Abandonner le mythe de l’économie triomphante : une question existentielle pour l’humanité ? (version du 5/12/2023)


Bruxelles - 25 novembre 2023
Les idéologies du XXe siècle se sont effondrées. Dans ce vide de la pensée, la tentation du repli sur soi et la montée des aspirations autoritaires ou fascisantes sont les symptômes d’un modèle économique qui s’est imposé depuis 40 ans : le néolibéralisme et le capitalisme financier. C’est au XVIIe qu’apparait l’émergence concomitante de l’État, de la science, du capitalisme, des réseaux scientifiques, commerciaux et coloniaux modernes avec en particulier l’émigration de sectes protestantes vers l’Amérique du Nord, qui jetteront les bases de sociétés idéales aux valeurs fortement influencées par leur conception de la prédestination.
Dans la foulée de la physique newtonienne naissante, le philosophe écossais Adam Smith formulait un siècle plus tard les premières « lois naturelles de l’économie ». La théorie classique considère que le travail doit s’ajuster au capital, que les ressources sont inépuisables et gratuites ; elle ne tient compte ni des externalités négatives (pollution), ni des activités non rémunérées (travail domestique et bénévolat), ni des limites de la planète. Elle suppose une croissance infinie dans un monde fini.

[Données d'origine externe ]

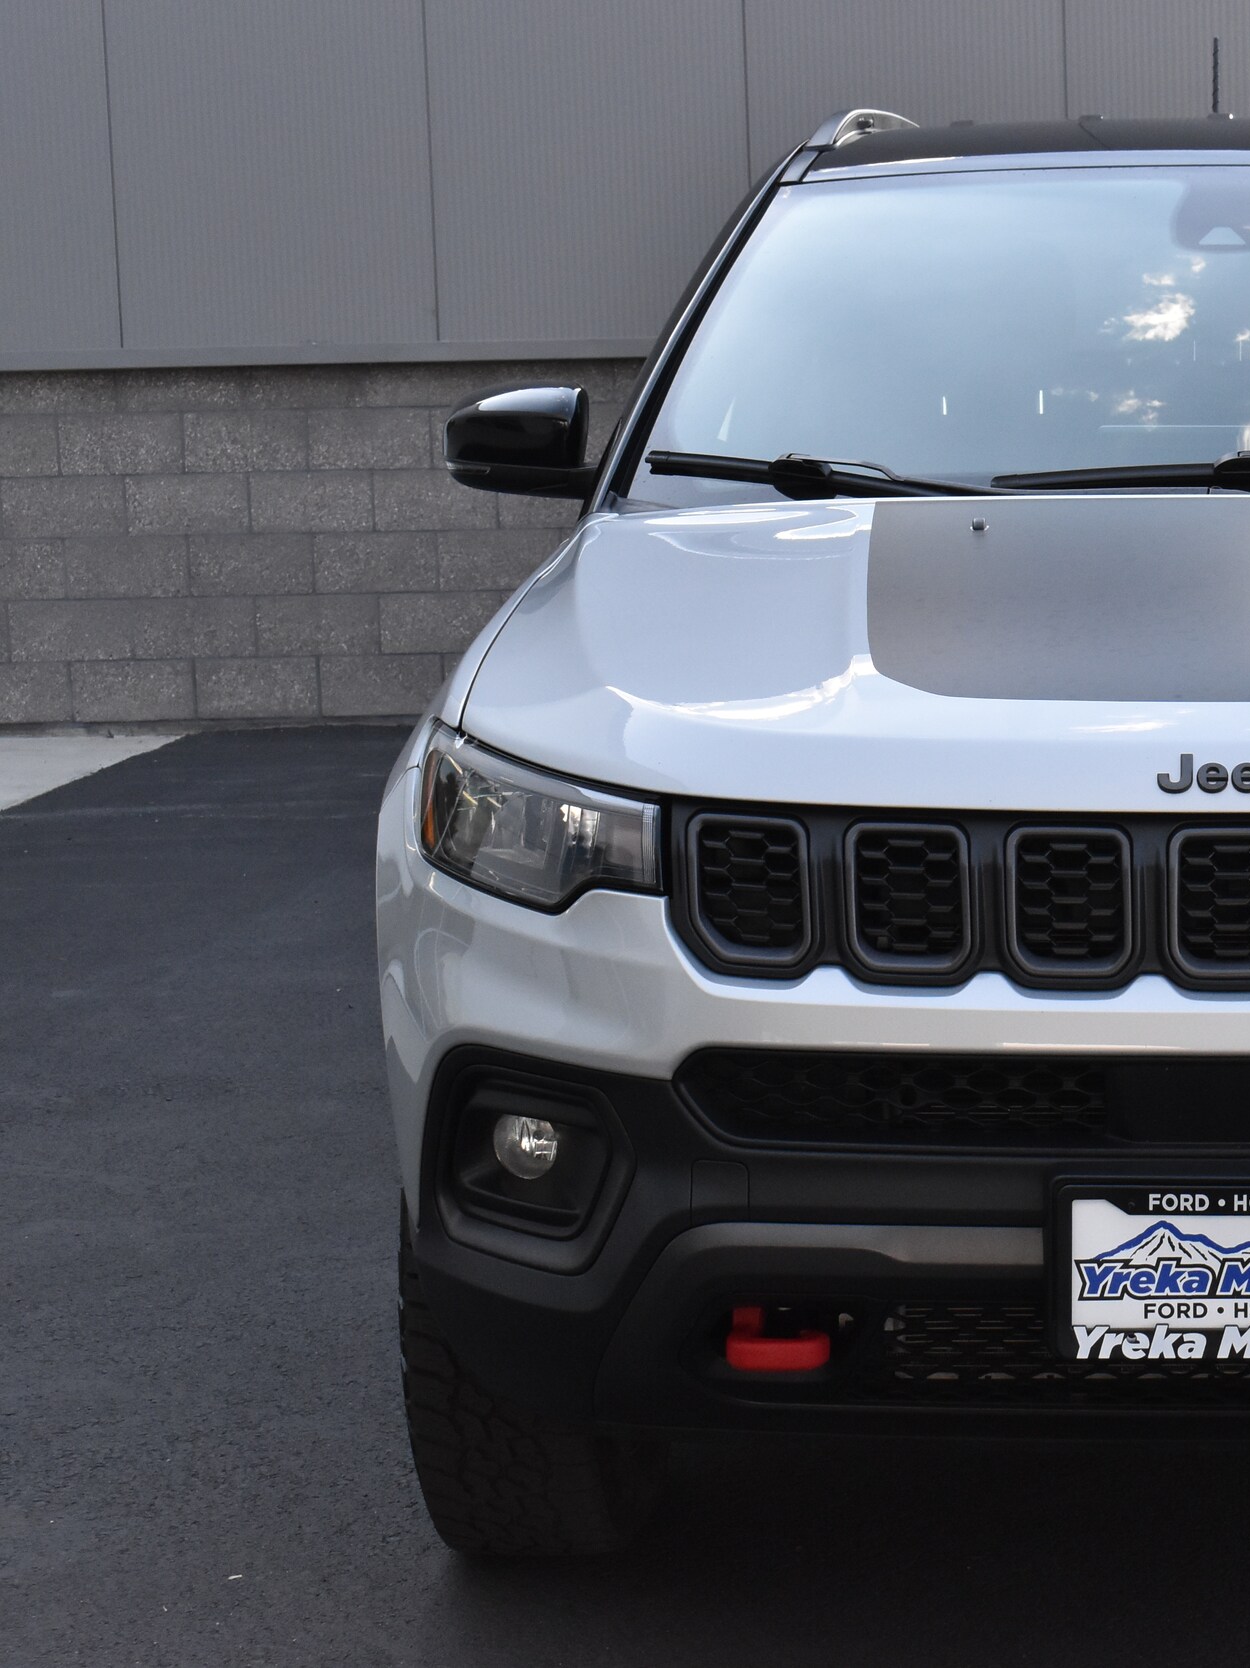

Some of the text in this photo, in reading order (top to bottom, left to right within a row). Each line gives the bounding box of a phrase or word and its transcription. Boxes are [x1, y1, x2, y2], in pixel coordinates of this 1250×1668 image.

[1148, 1194, 1210, 1212] FORD
[1079, 1260, 1213, 1297] Yreka
[1143, 1302, 1208, 1319] FORD
[1072, 1324, 1208, 1360] Yreka

Exportée aux États-Unis où naitra le capitalisme anglo-saxon, elle renaitra dans les années ’80 sous la forme néoclassique, substrat idéologique de l’ultralibéralisme dans une société productiviste obnubilée par son indicateur fétiche, le produit intérieur brut (PIB). Forts de leur victoire lors de la Seconde Guerre mondiale, les États-Unis étendront leur emprise sur le monde, en particulier l’Europe, grâce à ce modèle et à son pouvoir d’attraction à grande échelle. Or le capitalisme européen – rhénan – ne correspond pas au même ensemble de valeurs car il préconise un État doté de larges compétences au bénéfice des citoyens, l’État-providence. Ces deux capitalismes se sont avérés d’autant plus incompatibles que d’une part leur rapport au temps est historiquement inversé – contemplation du travail accompli sur fond culturel catholique ; domestication de la nature et préemption sur l’avenir sur fond culturel protestant – et d’autre part, la mobilité du travail est totalement différente des deux côtés de l’Atlantique. Cette mobilité s’est récemment déployée à la faveur de la numérisation, imposant dans nos contrées des pratiques de fragmentation, de précarisation et d’ubérisation des conditions de travail.

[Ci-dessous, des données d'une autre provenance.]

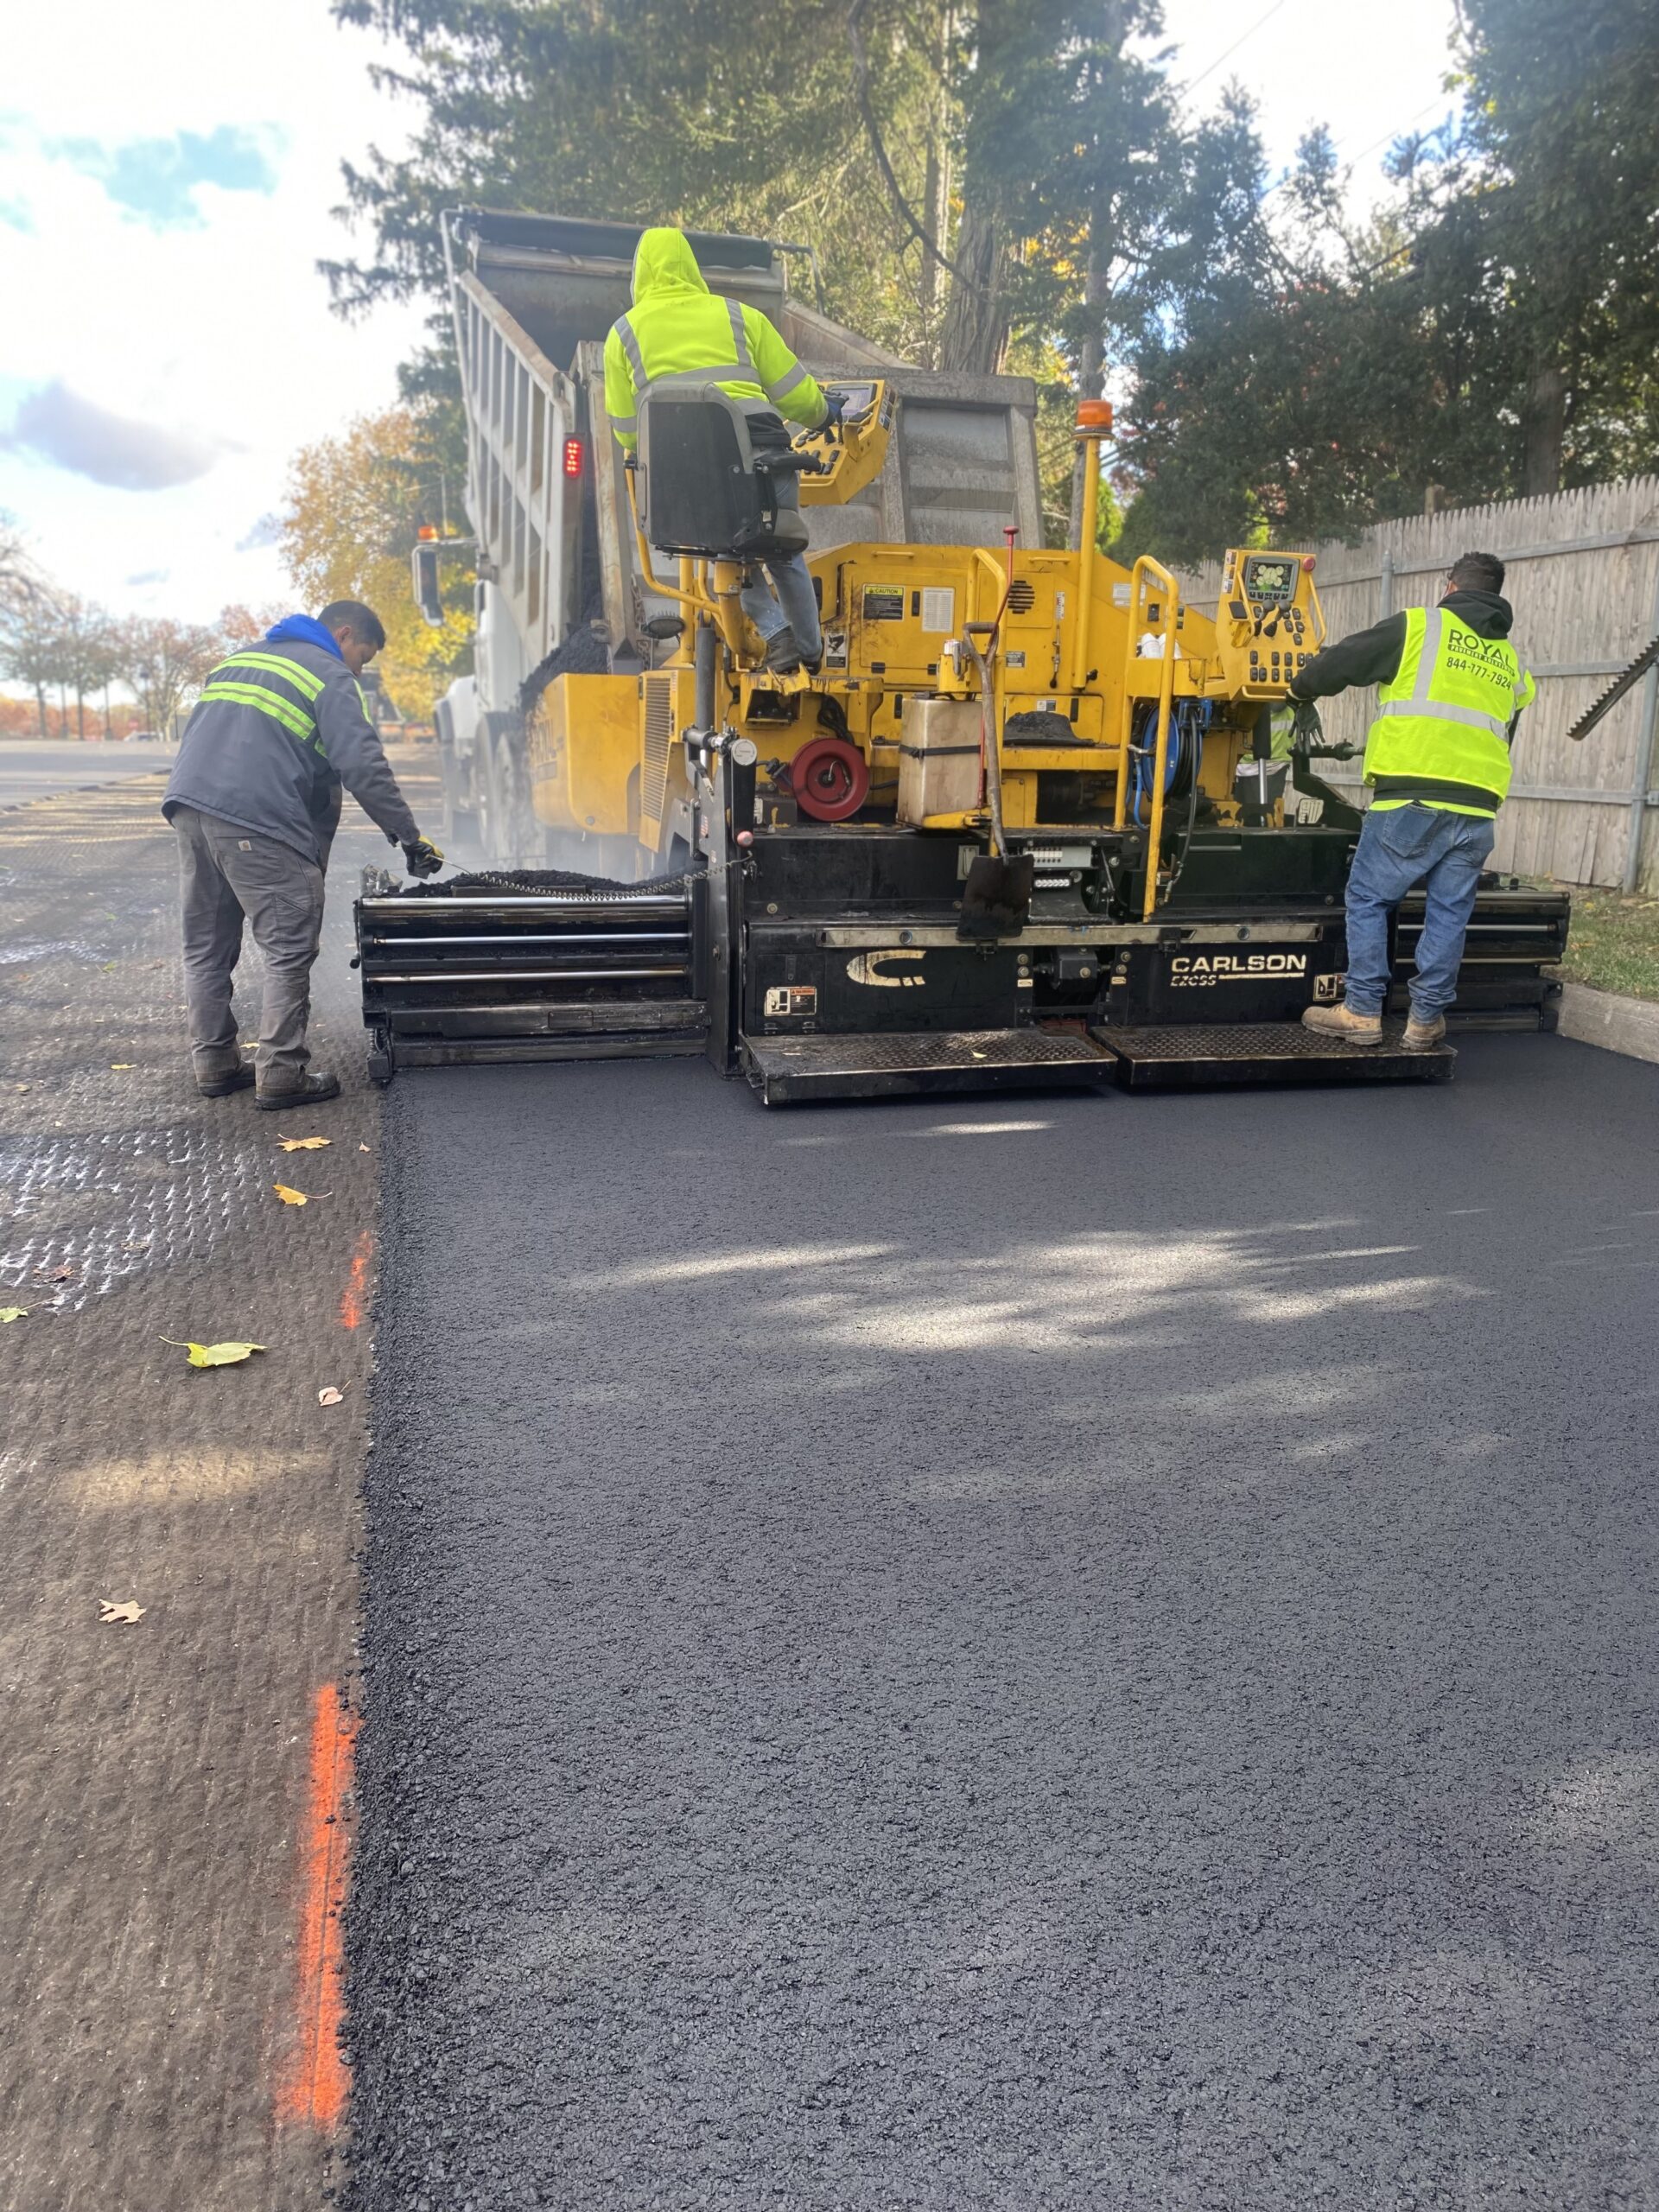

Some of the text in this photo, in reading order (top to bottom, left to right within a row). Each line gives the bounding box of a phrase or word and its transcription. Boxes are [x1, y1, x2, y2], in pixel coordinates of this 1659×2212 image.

[1448, 629, 1515, 671] ROYAL
[1446, 657, 1511, 690] 844-777-7924
[1172, 955, 1306, 973] CARLSON

Le néolibéralisme est donc devenu un amplificateur de l’angoisse de l’avenir, alors qu’il est impératif d’en même temps restaurer les équilibres climatiques et environnementaux. Alors que l’économie devrait être au service de, et inscrite dans la société, elle-même intégrée dans son environnement, c’est l’inverse qui s’est produit. L’économie domine le monde. Tout cela sur base d’une imposture intellectuelle puisque la théorie néoclassique est viciée à la base par des hypothèses fausses et des raisonnements mathématiques qui le sont tout autant. Après quarante ans d’un tel régime étendu à la planète, le résultat est sans appel : une société occidentale en fin de vie, des États de droit en péril, des populations épuisées et précarisées, des circuits criminels possédant plus de richesses que certains États, une corruption grandissante et une planète au bord de l’asphyxie.
Seuls pourraient y subsister le 1 % d’ultra-riches tentés par la sécession.
Le véritable débat, auquel nous vous convions, porterait sur ce qui doit ressortir à la sphère marchande d’une part et aux biens et services publics d’autre part, dont le financement et les bénéfices sont mutualisés, sur l’instruction publique et civique, sur l’instrumentalisation des sciences et techniques par le marché, sur les valeurs protégeant les relations humaines permettant d’assurer la cohésion sociale, de faire société. Cela, dans le cadre de la restauration de l’État au service d’un projet démocratique soucieux de faire participer et de protéger les citoyens, partenaire respecté du secteur privé, en bref « gouvernant car prévoyant ».